**What you will do:**
Nothing but the pictures should go missing; return all the entries below exactly.

*** Input data ***

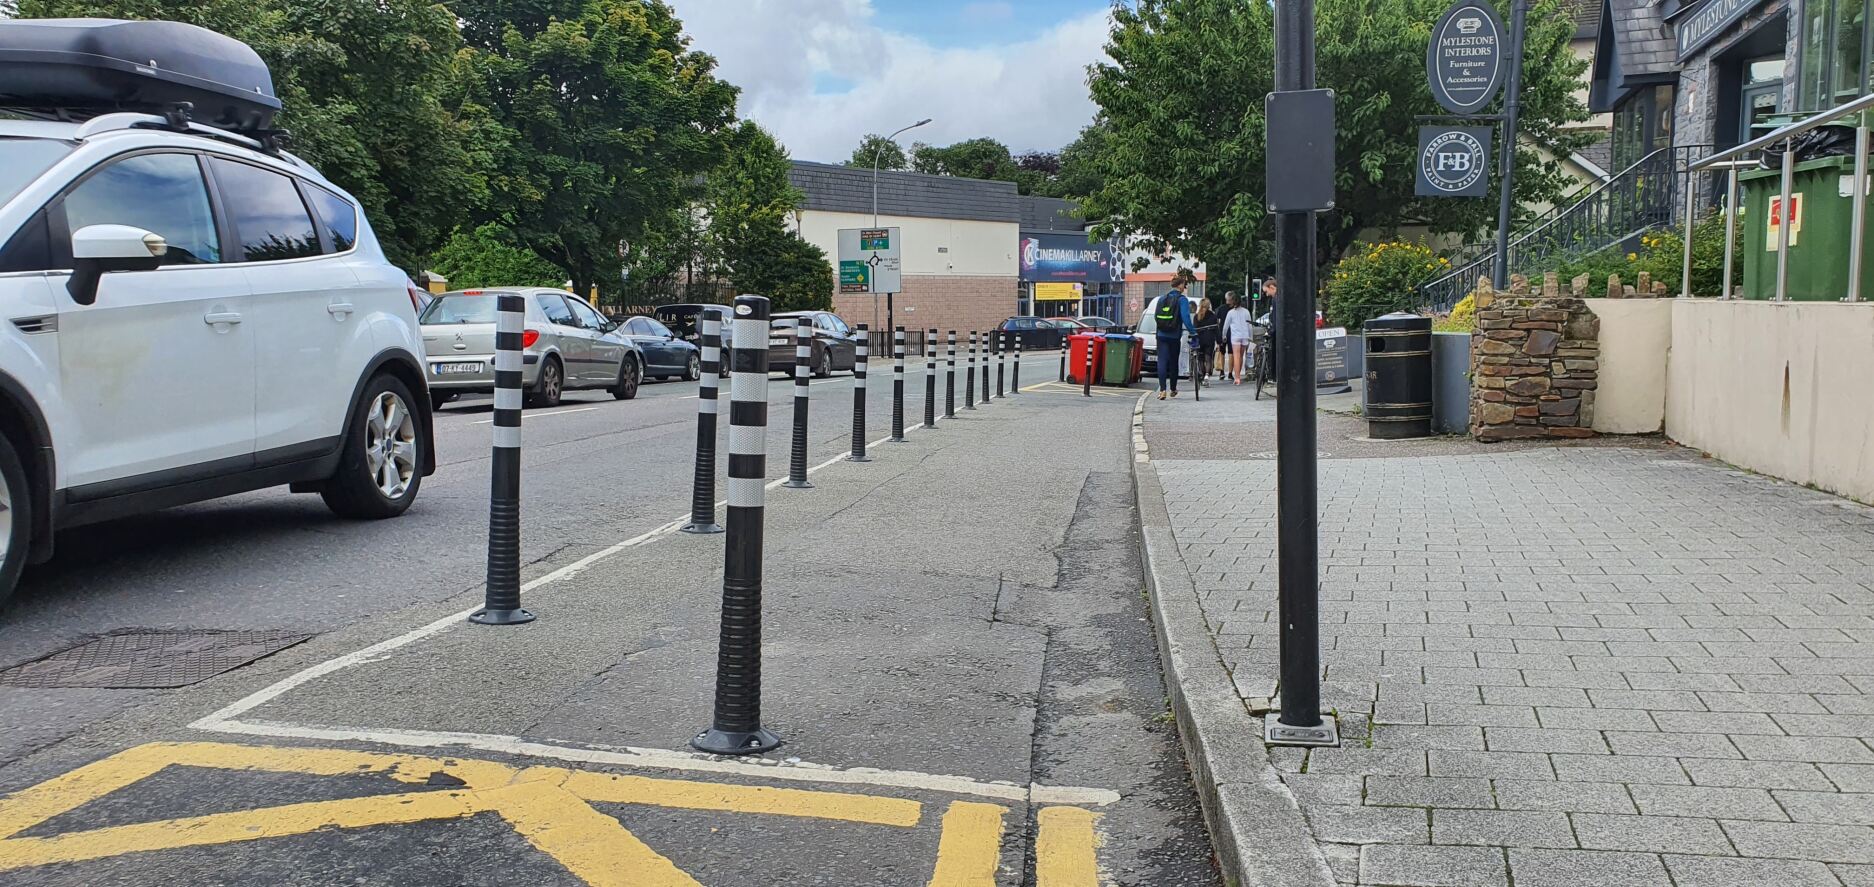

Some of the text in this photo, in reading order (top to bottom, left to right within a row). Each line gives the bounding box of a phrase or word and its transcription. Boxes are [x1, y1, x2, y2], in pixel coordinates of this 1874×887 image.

[1442, 36, 1495, 47] MYLESTONE
[1445, 46, 1492, 57] INTERIORS
[1449, 60, 1486, 68] Furniture
[1462, 68, 1471, 76] &
[1446, 75, 1488, 83] Accessories
[1426, 133, 1457, 157] FARROW
[1467, 138, 1481, 158] BALL
[1436, 152, 1471, 171] F&B
[1426, 167, 1445, 187] PAINT
[1458, 168, 1480, 188] PAPER
[1318, 329, 1340, 338] OPEN

*** End of Input data ***

**Finished exercise:**
Some of the text in this photo, in reading order (top to bottom, left to right within a row). Each line gives the bounding box of a phrase or word and its transcription. Boxes are [x1, y1, x2, y2], in pixel coordinates of this 1874×887 image.

[1442, 36, 1495, 47] MYLESTONE
[1445, 46, 1492, 57] INTERIORS
[1449, 60, 1486, 68] Furniture
[1462, 68, 1471, 76] &
[1446, 75, 1488, 83] Accessories
[1426, 133, 1457, 157] FARROW
[1467, 138, 1481, 158] BALL
[1436, 152, 1471, 171] F&B
[1426, 167, 1445, 187] PAINT
[1458, 168, 1480, 188] PAPER
[1318, 329, 1340, 338] OPEN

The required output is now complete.